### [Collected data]

╔══

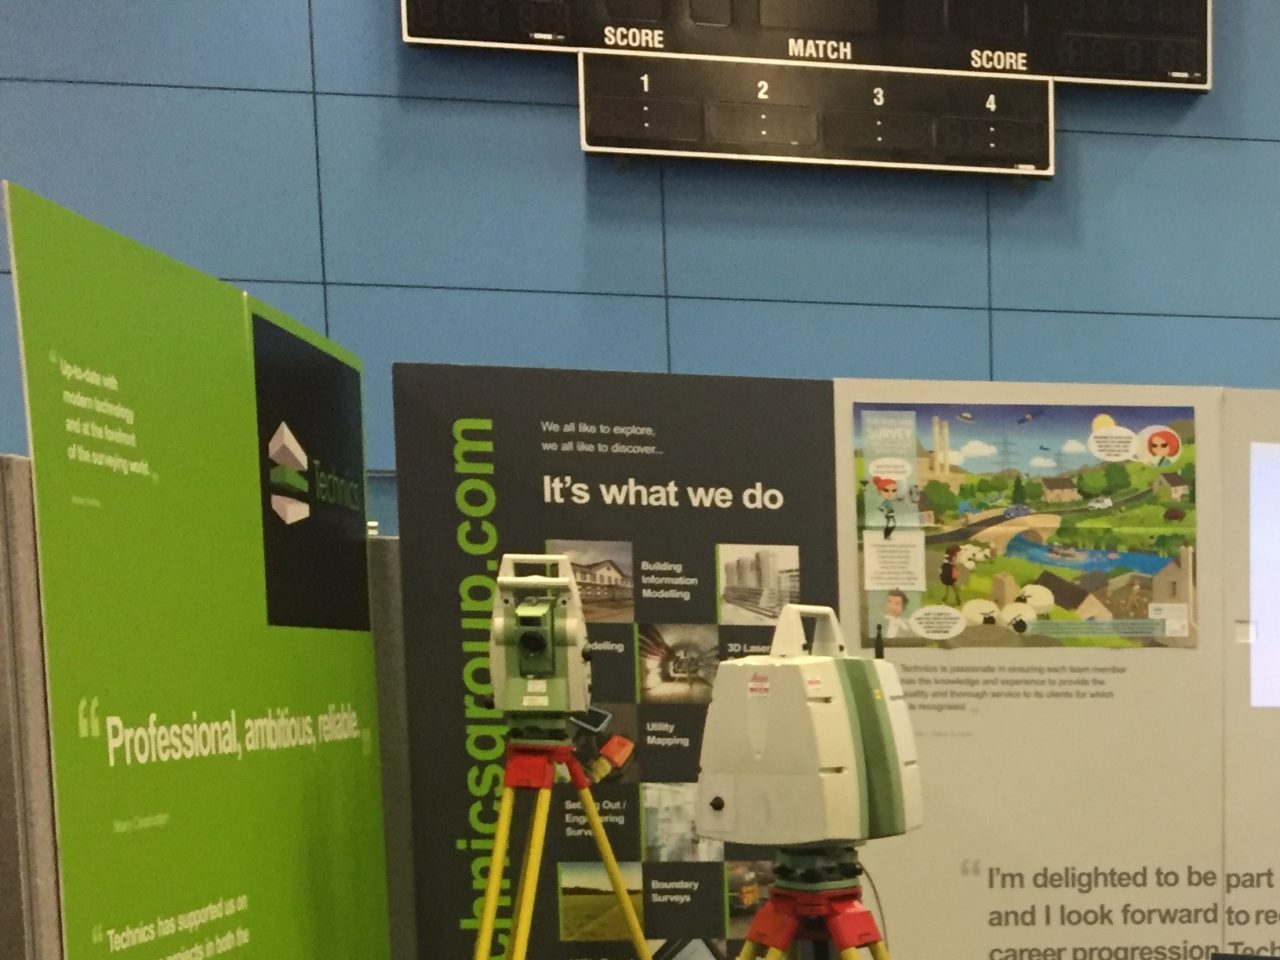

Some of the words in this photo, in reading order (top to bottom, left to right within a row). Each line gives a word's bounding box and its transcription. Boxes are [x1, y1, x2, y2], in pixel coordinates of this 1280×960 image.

[604, 26, 664, 49] SCORE
[788, 37, 852, 60] MATCH
[970, 49, 1028, 71] SCORE
[640, 73, 650, 93] 1
[757, 80, 769, 99] 2
[873, 87, 885, 106] 3
[985, 94, 997, 112] 4
[541, 421, 560, 432] We
[563, 421, 576, 433] all
[578, 422, 597, 434] like
[600, 424, 610, 434] to
[541, 441, 558, 451] we
[561, 441, 574, 452] all
[576, 441, 595, 452] like
[598, 442, 608, 453] to
[543, 475, 591, 504] It's
[600, 478, 680, 507] what
[686, 485, 734, 508] we
[742, 482, 784, 510] do
[641, 561, 683, 574] Building
[642, 575, 698, 587] Information
[642, 589, 691, 601] Modelling
[728, 643, 742, 653] 3D
[646, 722, 675, 734] Utility
[106, 709, 243, 768] Professional,
[646, 736, 690, 748] Mapping
[651, 880, 699, 891] Boundary
[988, 867, 1024, 889] I'm
[1032, 866, 1147, 894] delighted
[1155, 866, 1180, 888] to
[1187, 865, 1217, 888] be
[1225, 866, 1274, 894] part
[652, 893, 692, 904] Surveys
[988, 904, 1036, 927] and
[1045, 904, 1051, 926] I
[1060, 903, 1114, 926] look
[1121, 903, 1218, 926] forward
[1225, 906, 1250, 926] to
[107, 921, 156, 952] Technics
[157, 916, 176, 937] has
[177, 898, 224, 932] supported
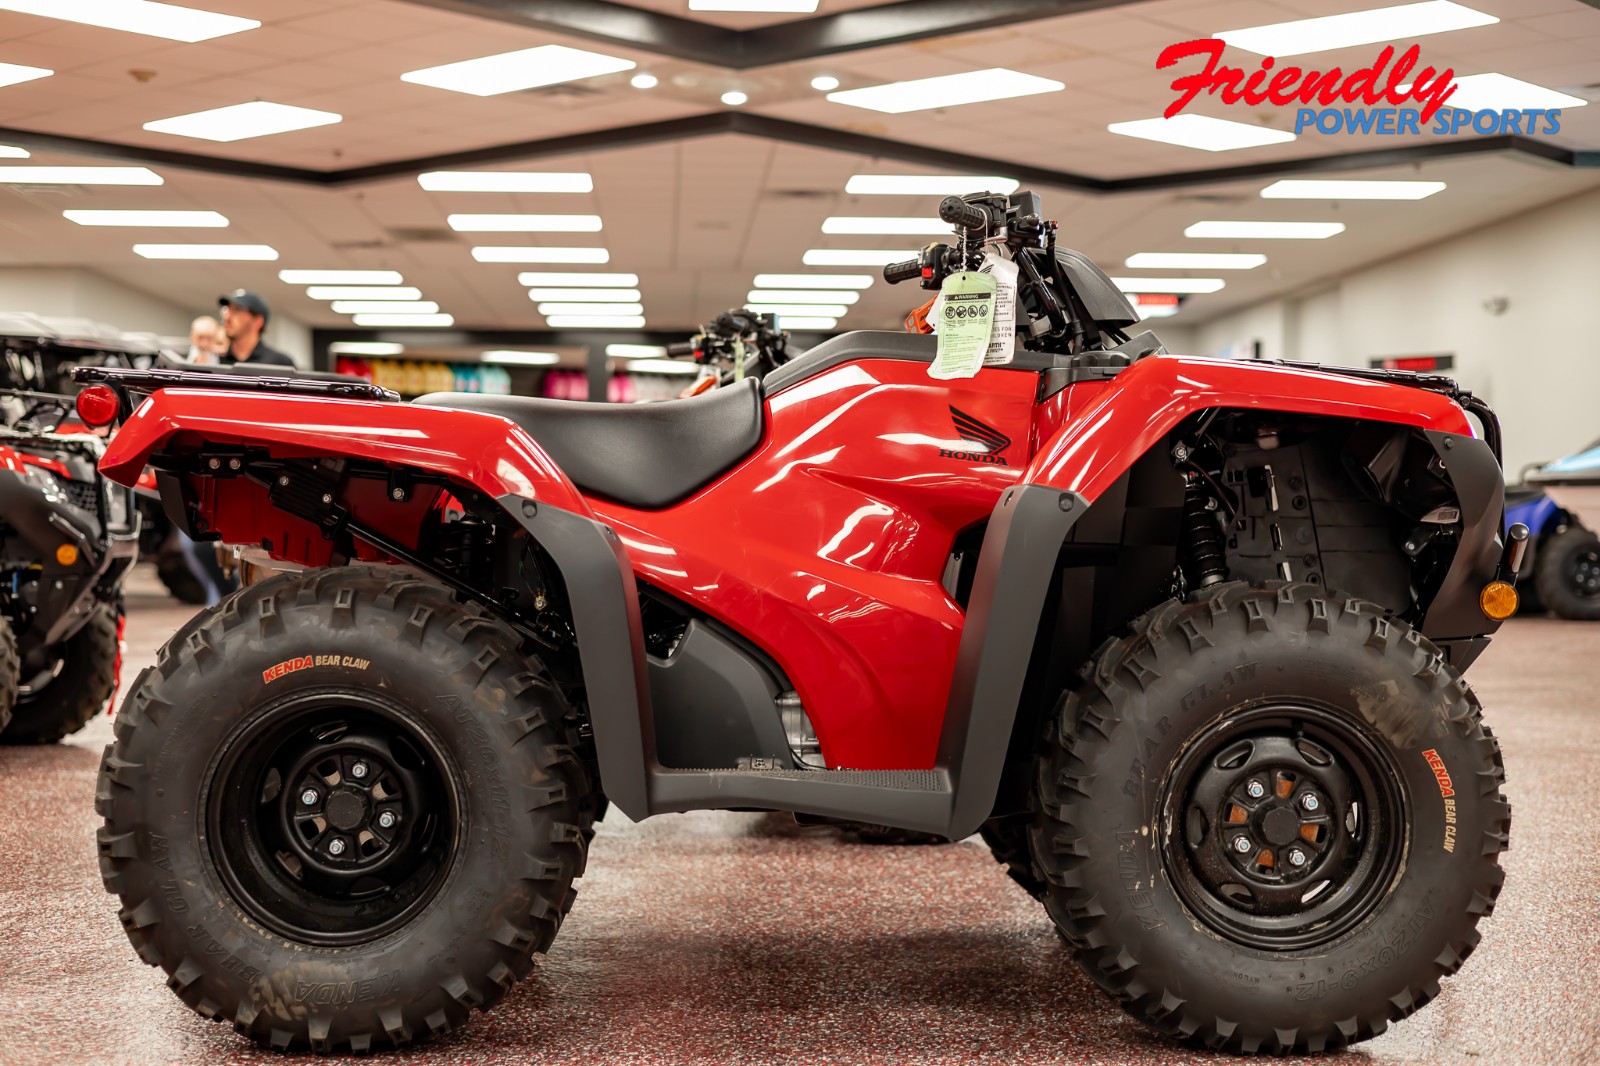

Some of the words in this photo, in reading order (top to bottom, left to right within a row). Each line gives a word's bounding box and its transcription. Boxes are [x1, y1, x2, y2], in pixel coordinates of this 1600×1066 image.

[938, 448, 1009, 467] HONDA
[262, 655, 314, 685] KENDA
[315, 655, 341, 666] BEAR
[342, 656, 370, 670] CLAW
[1422, 748, 1455, 798] KENDA
[1444, 798, 1456, 824] BEAR
[1443, 825, 1457, 853] CLAW
[294, 969, 402, 1005] KENDA
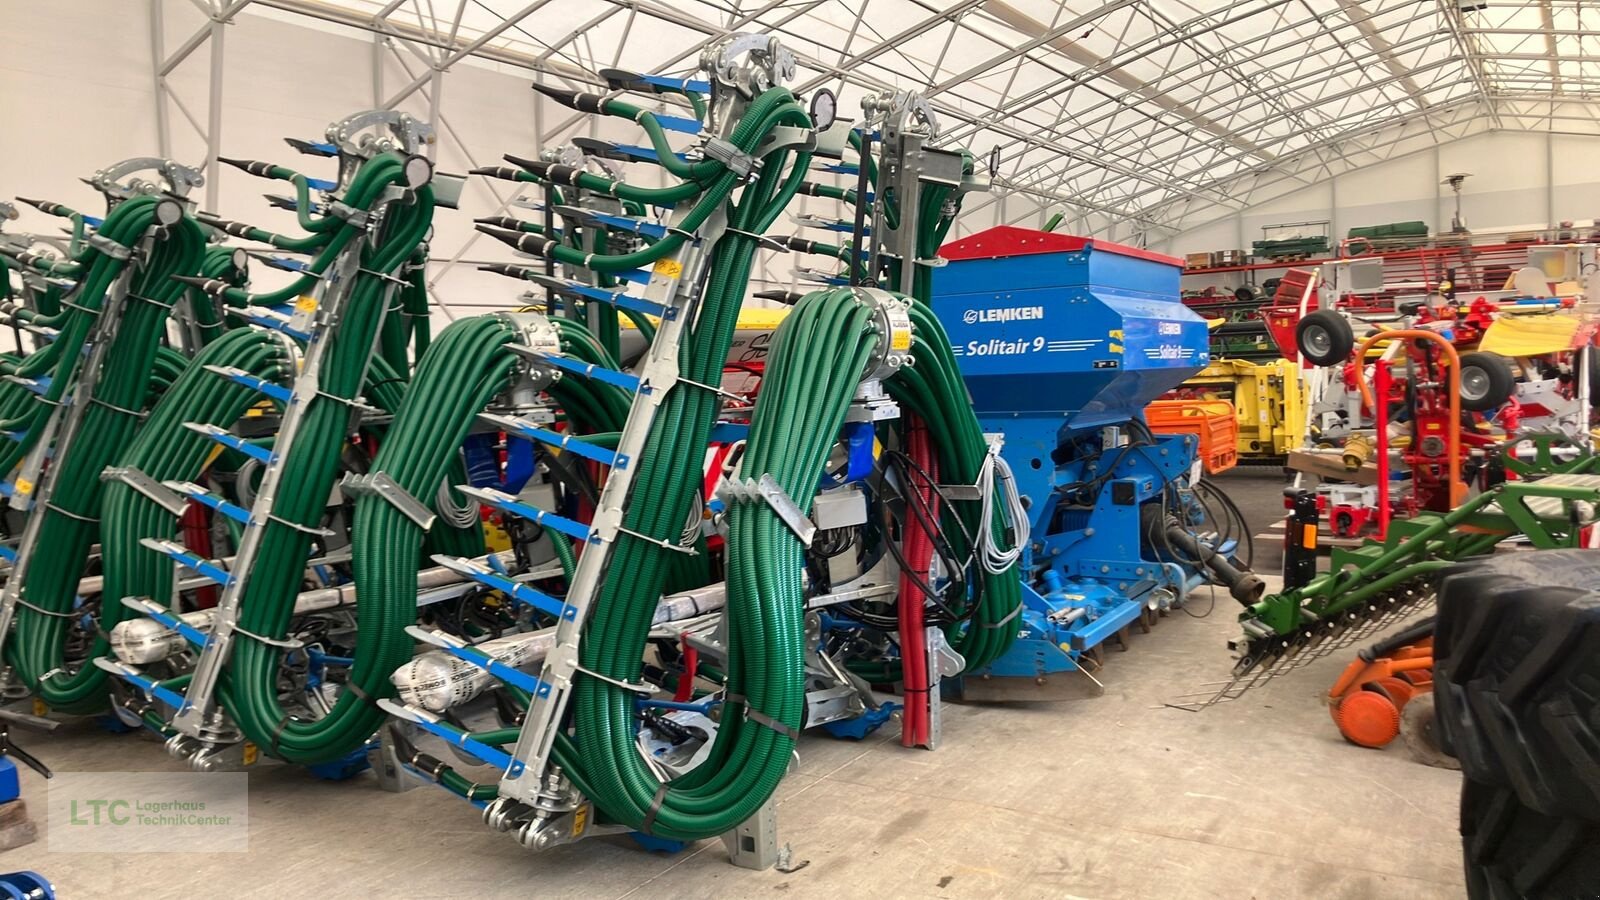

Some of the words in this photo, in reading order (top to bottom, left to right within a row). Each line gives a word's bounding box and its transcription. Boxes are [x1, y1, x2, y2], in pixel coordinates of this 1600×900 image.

[979, 306, 1043, 323] LEMKEN
[966, 338, 1030, 356] Solitair
[1032, 336, 1045, 352] 9
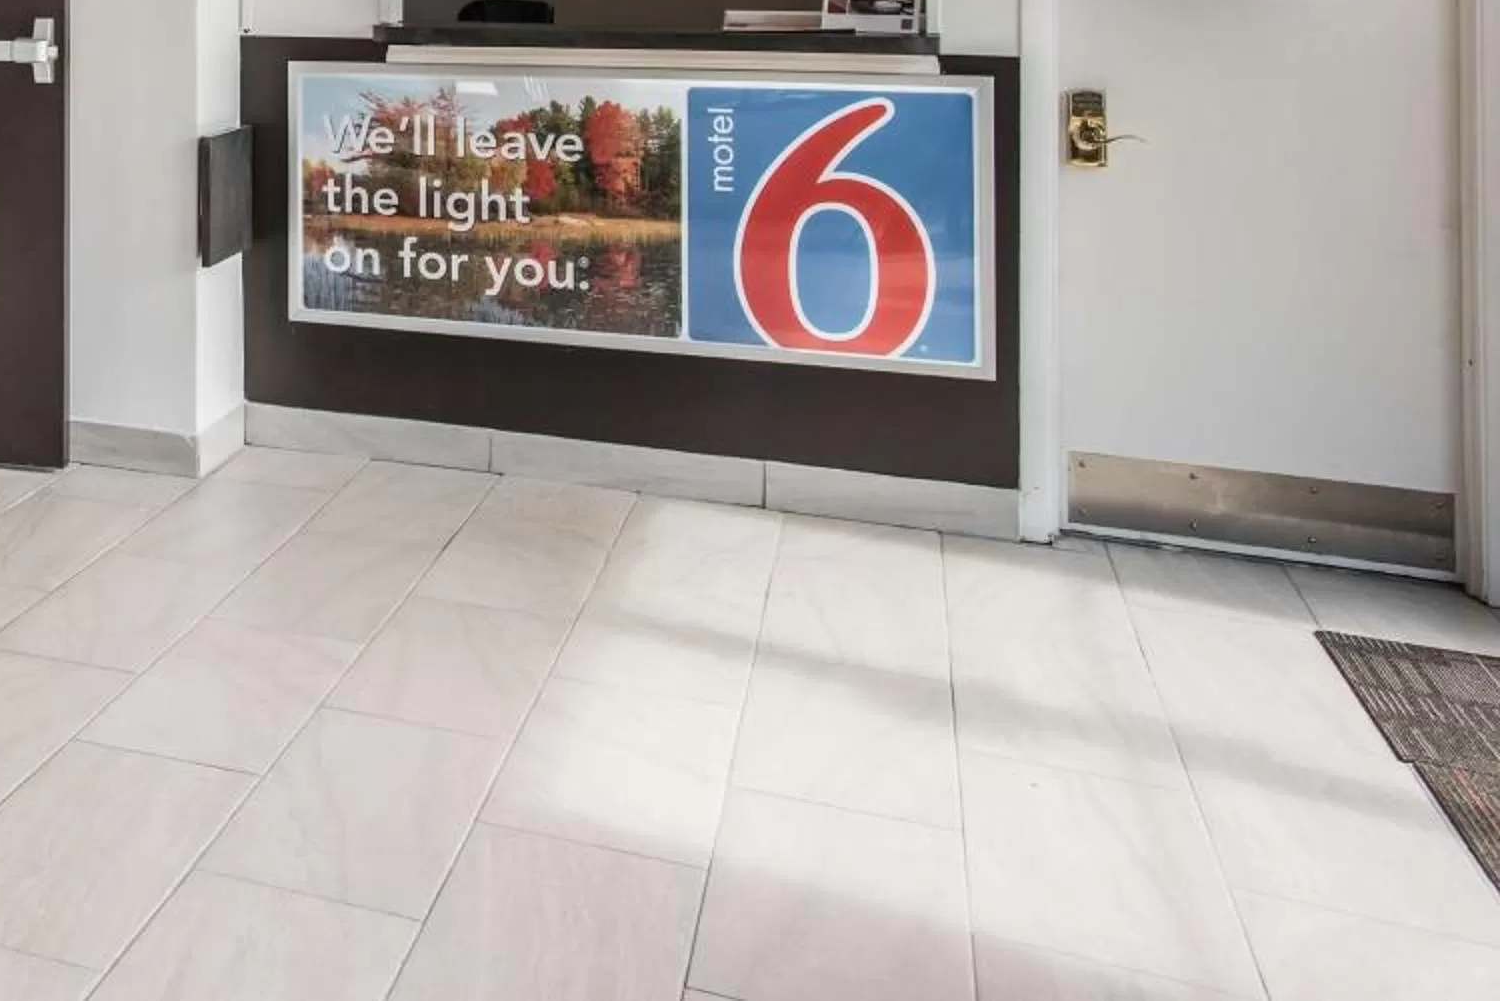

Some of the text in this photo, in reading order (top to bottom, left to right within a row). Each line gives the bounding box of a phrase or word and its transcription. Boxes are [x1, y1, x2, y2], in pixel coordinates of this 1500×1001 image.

[323, 113, 584, 162] We'll leave
[322, 173, 531, 232] the light
[707, 97, 937, 359] motel 6
[324, 244, 381, 276] on
[400, 236, 468, 282] for

╚══

### [WORK INSTRUCTION]
Starting at the line that contains "Some of the text", transcribe every line through the last line of the entries above, exactly, and nothing else.

### [RESPONSE BOX]
Some of the text in this photo, in reading order (top to bottom, left to right within a row). Each line gives the bounding box of a phrase or word and its transcription. Boxes are [x1, y1, x2, y2], in pixel coordinates of this 1500×1001 image.

[323, 113, 584, 162] We'll leave
[322, 173, 531, 232] the light
[707, 97, 937, 359] motel 6
[324, 244, 381, 276] on
[400, 236, 468, 282] for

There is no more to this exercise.